For this task, output every entry below exactly and omit the pictures.
BEGIN
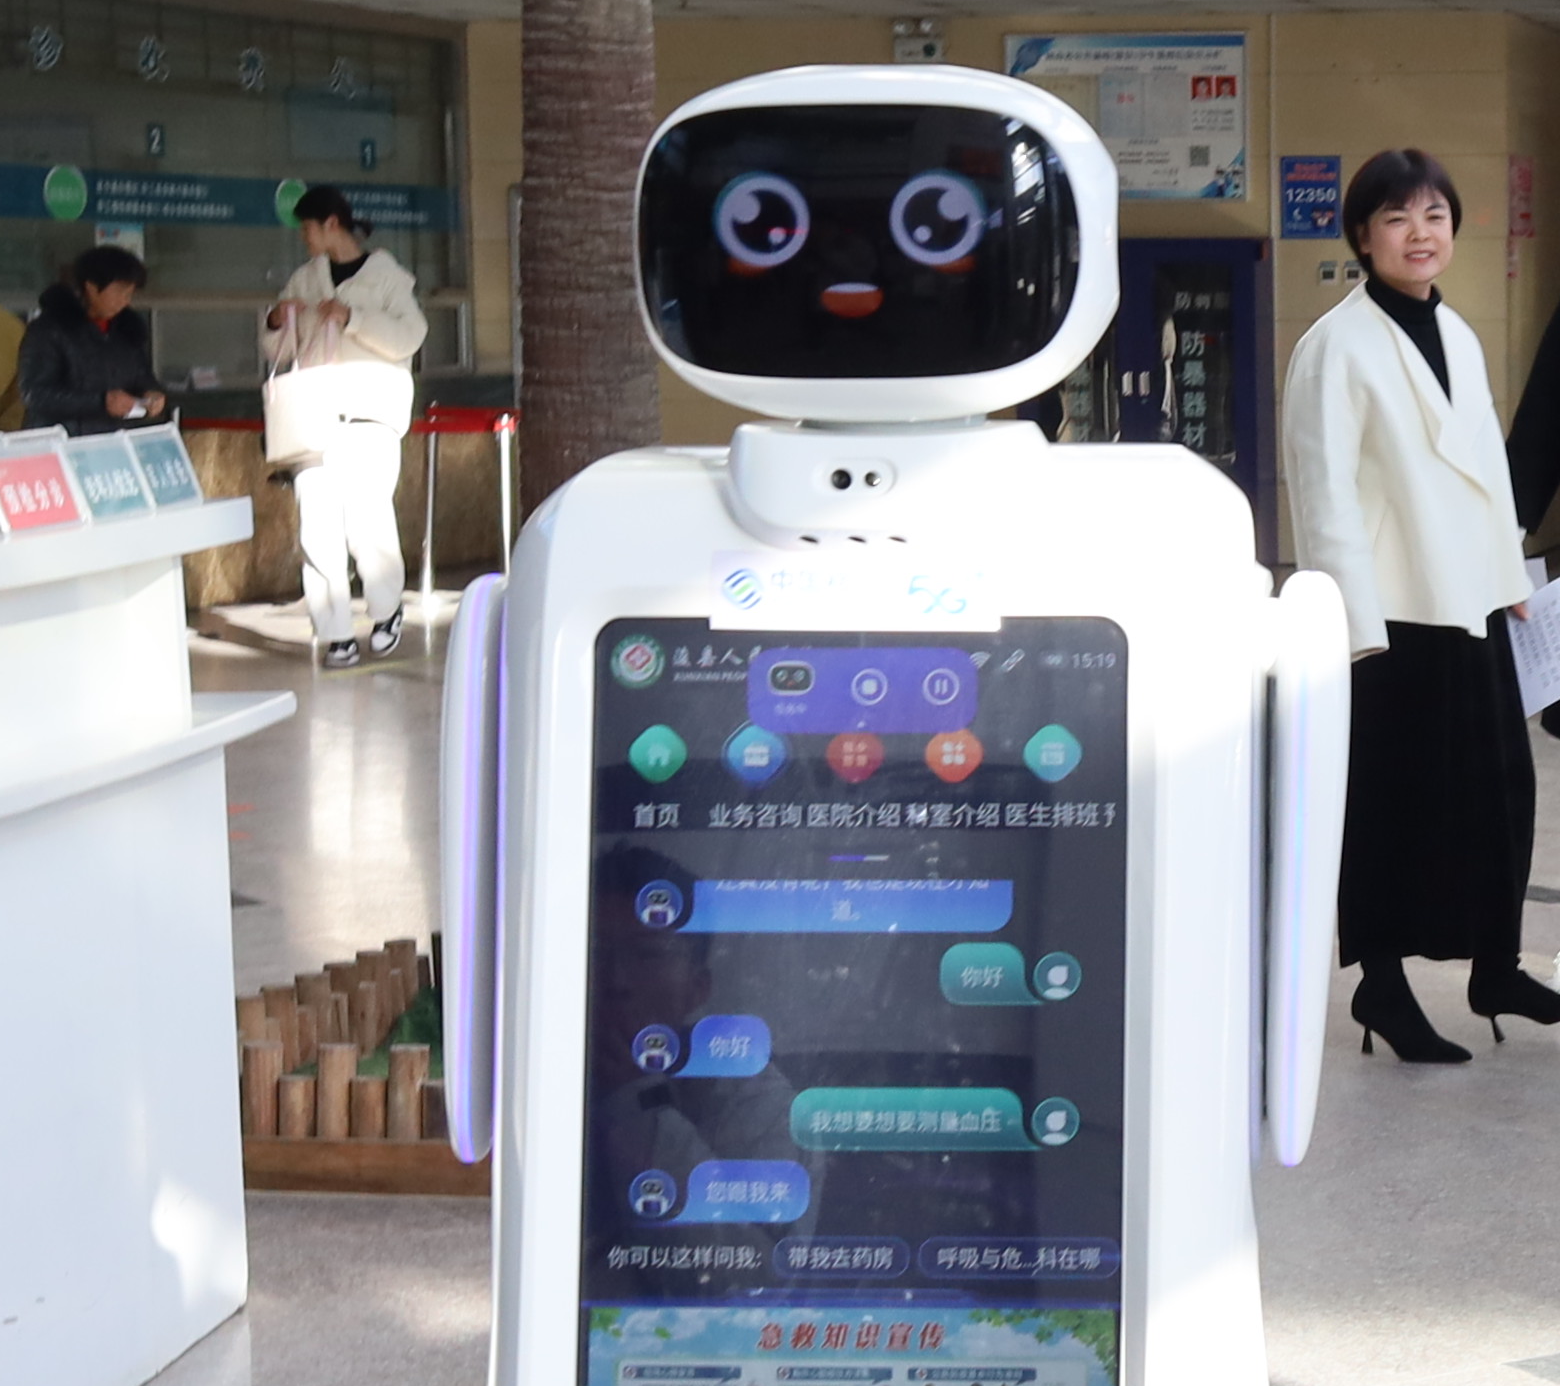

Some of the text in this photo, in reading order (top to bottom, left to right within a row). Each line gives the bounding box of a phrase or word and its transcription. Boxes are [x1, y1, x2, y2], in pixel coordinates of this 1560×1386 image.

[150, 127, 161, 154] 2
[363, 144, 372, 166] 1
[1285, 187, 1336, 204] 12350
[1180, 330, 1208, 448] 防暴器材
[1072, 652, 1116, 670] 15:19
[634, 803, 681, 829] 首页
[709, 803, 802, 829] 业务咨询
[807, 803, 900, 829] 医院介绍
[906, 803, 1000, 829] 科室介绍
[960, 964, 1004, 990] 你好
[708, 1034, 752, 1059] 你好
[809, 1109, 1002, 1135] 我想要想要测量血压
[705, 1179, 791, 1204] 您跟我来
[787, 1245, 893, 1270] 带我去药房
[755, 1320, 947, 1353] 急救知识宣传
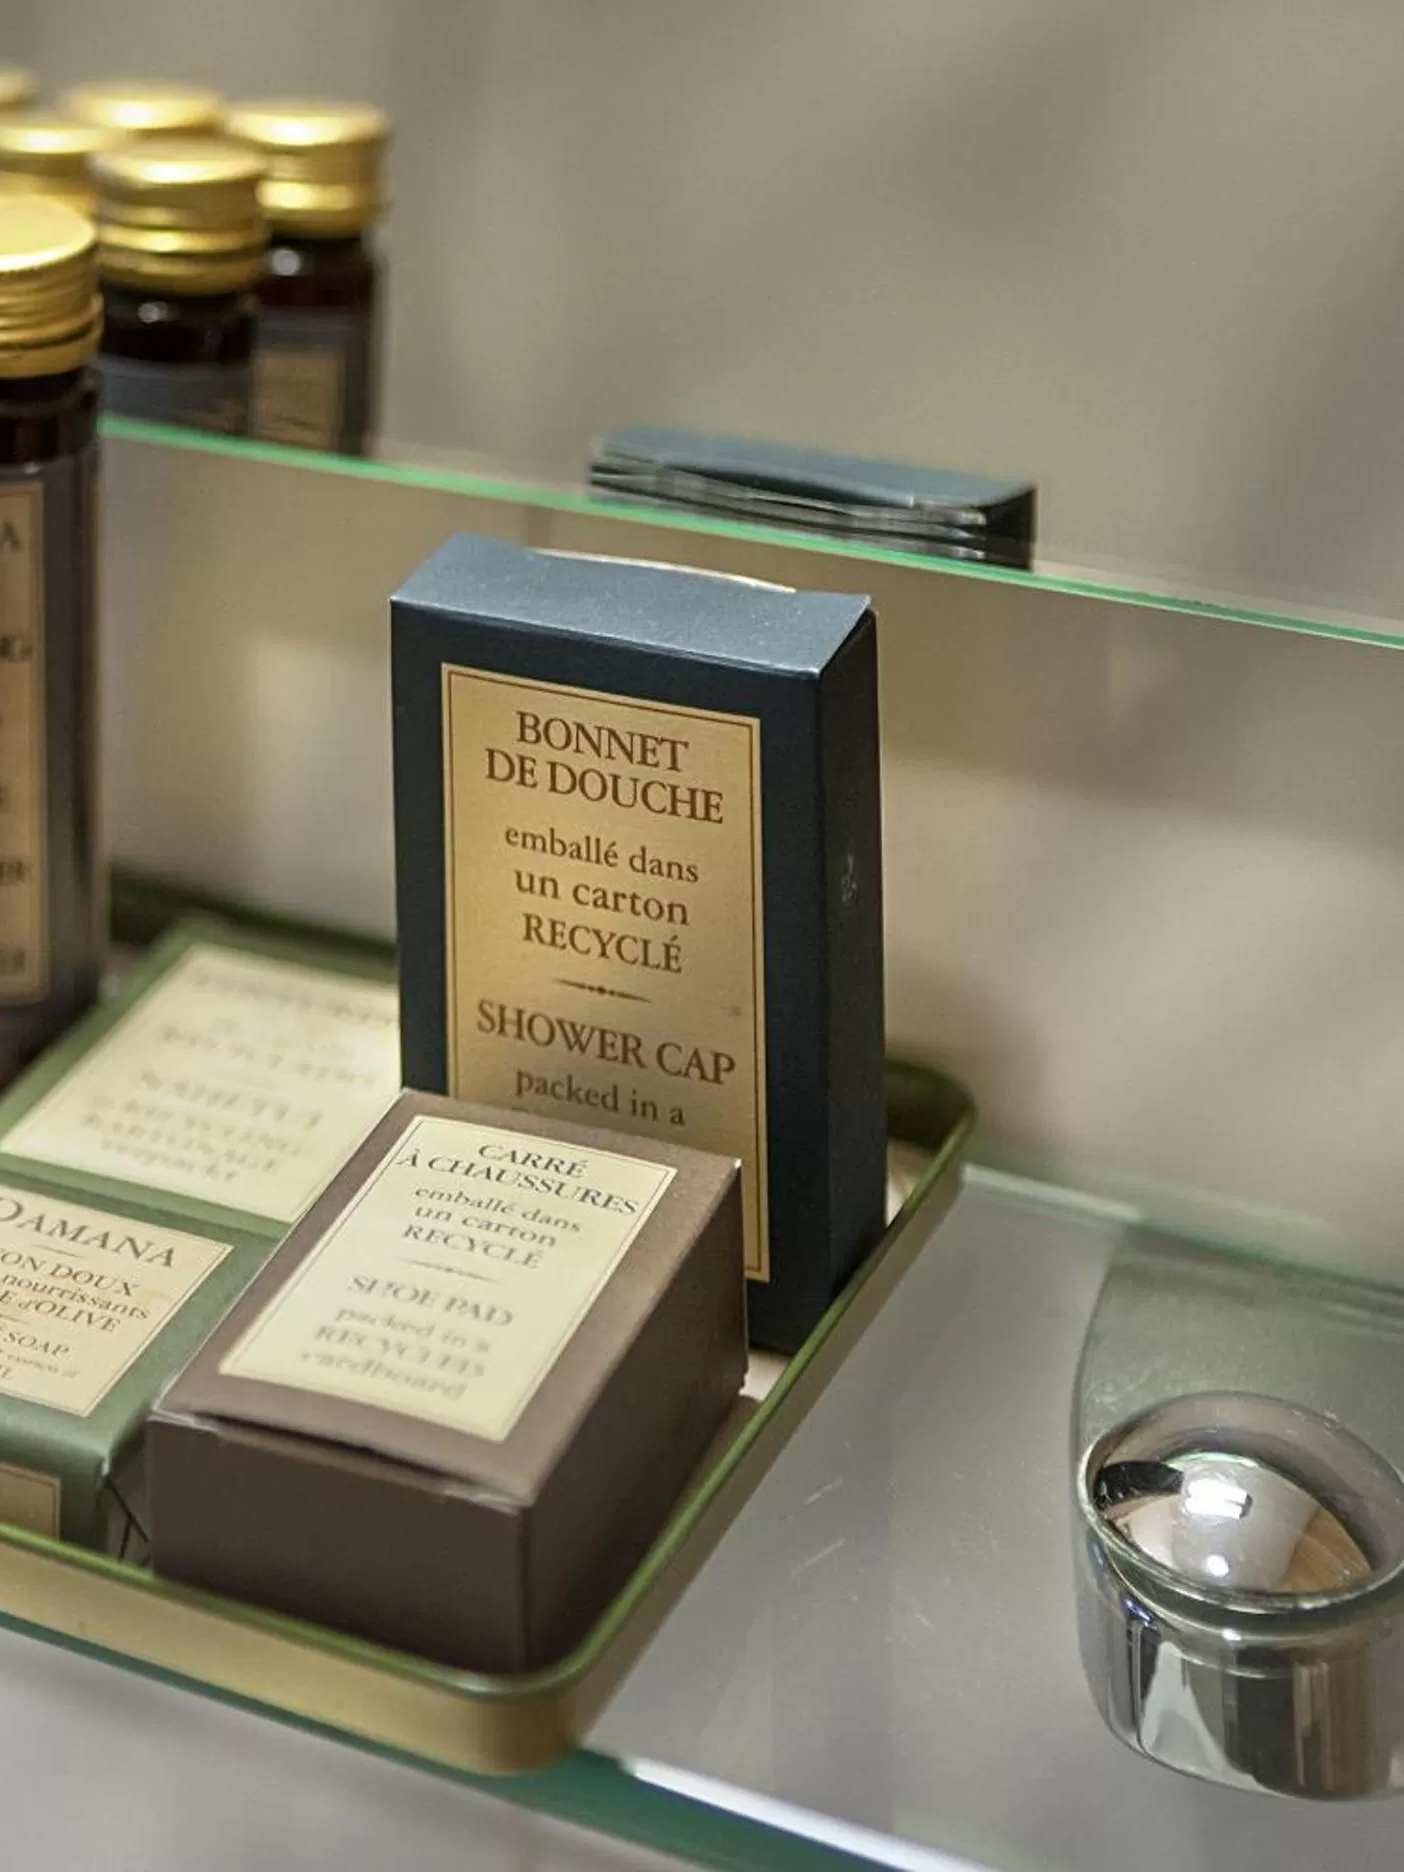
END
* [Completed exercise]:
Some of the text in this photo, in reading order (top to bottom, left to right within a row). Each line gives the bounding box of a phrase or word and its transcription. Boxes are [x1, y1, x2, y2], in pixel coordinates of this 1560×1386 image.

[150, 127, 161, 154] 2
[363, 144, 372, 166] 1
[1285, 187, 1336, 204] 12350
[1180, 330, 1208, 448] 防暴器材
[1072, 652, 1116, 670] 15:19
[634, 803, 681, 829] 首页
[709, 803, 802, 829] 业务咨询
[807, 803, 900, 829] 医院介绍
[906, 803, 1000, 829] 科室介绍
[960, 964, 1004, 990] 你好
[708, 1034, 752, 1059] 你好
[809, 1109, 1002, 1135] 我想要想要测量血压
[705, 1179, 791, 1204] 您跟我来
[787, 1245, 893, 1270] 带我去药房
[755, 1320, 947, 1353] 急救知识宣传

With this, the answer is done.